Any movie that combines the star power of John Travolta (Pulp Fiction) and Lisa Kudrow (TV’s Friends) with the direction of Nora Ephron (Sleepless in Seattle) would seem to have potential. However, due to a lackluster plotline and a bevy of one- dimensional characters, Lucky Numbers turns out to be less than lucrative.
Travolta plays Russ Richards, a high profile TV weatherman who has squandered his income on such extravagant items as a snowmobile store (yes, it’s open year-round) and a Jaguar. Kudrow plays Crystal, an extremely ambitious model who draws the weekly lottery numbers. They, together with a strip club owner, Tim Roth (Pulp Fiction), hash out a plan to rig the lotto and take the prize money as their own. Seems like a good premise. The problem is that, from this point on, the story gets unnecessarily complicated.
After Travolta and Kudrow have successfully won the lottery, it seems as though everyone wants a piece of the loot. Even their boss, the president of the news station, attempts to blackmail the duo for half of the winnings. This throws Travolta into mental chaos. He does not want to share the money with anyone else — there is already Crystal, the strip club owner, and Dale the Thug, who requires a half million for services rendered.

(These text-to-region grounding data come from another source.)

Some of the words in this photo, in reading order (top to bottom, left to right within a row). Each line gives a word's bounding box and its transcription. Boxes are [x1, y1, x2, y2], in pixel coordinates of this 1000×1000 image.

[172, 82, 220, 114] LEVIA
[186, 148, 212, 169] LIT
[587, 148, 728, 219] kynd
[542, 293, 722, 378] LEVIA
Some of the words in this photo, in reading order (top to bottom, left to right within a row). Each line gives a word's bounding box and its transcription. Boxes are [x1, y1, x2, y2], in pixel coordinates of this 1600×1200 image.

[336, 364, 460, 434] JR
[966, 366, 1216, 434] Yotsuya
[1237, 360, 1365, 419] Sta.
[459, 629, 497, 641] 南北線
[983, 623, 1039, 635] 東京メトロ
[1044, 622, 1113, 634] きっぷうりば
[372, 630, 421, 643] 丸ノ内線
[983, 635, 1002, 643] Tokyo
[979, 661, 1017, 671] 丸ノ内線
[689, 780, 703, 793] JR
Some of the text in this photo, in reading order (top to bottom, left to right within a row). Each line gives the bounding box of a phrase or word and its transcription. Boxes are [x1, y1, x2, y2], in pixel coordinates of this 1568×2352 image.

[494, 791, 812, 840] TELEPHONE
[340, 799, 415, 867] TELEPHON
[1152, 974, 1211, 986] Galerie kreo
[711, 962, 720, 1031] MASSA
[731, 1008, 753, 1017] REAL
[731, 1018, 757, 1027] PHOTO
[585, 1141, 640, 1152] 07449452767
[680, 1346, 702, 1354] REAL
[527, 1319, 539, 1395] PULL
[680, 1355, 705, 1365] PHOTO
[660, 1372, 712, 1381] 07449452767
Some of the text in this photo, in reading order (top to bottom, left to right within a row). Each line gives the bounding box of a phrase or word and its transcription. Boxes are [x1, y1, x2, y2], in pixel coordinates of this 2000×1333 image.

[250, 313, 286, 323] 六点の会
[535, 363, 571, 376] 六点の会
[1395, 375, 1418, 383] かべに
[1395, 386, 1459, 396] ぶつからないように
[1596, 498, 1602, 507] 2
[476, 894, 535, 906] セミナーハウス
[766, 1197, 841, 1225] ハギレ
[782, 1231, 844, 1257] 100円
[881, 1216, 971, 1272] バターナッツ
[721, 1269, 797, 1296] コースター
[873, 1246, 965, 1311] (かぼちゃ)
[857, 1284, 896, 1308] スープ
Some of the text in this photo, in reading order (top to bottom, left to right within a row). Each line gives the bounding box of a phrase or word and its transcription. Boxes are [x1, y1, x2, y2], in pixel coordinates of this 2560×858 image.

Throughout the movie, it is difficult to discern who to root for. There is no clear-cut good guy. There isn’t really a bad guy either. As more and more new characters are introduced, it becomes more and more difficult to keep them all straight.
Travolta has no trouble playing the nice-guy weatherman. However, in engaging in some unethical actions, he visibly struggles to create a workable balance between his sound conscience and his all-consuming greed, thus coming off as whiny and painfully innocent. As a result, he is annoyingly inconsistent throughout the film.
In the end, Kudrow is the only consistent player. Her solution to almost any problem seems to be “kill him,” so she is definitely a bad girl and never sways in her bitchy, self-aggrandizing behavior.
Too much time is spent on concocting crazy schemes about who will attempt to screw Travolta and Kudrow out of the money next, while not enough is spent on actual character and plot development.
I cannot tell you how relieved I was to hear Travolta’s final little speech of inspiration at the end of the movie. It had a bit less than nothing to do with the actual story, but it did signal that the end was near.
The movie’s upbeat ’80s soundtrack was more entertaining than anything else; it may be the only reason to see this movie. I may actually be dumber for having sat through Lucky Numbers. And for the unlucky souls who allowed this movie to come to fruition, I hope they never go to Vegas.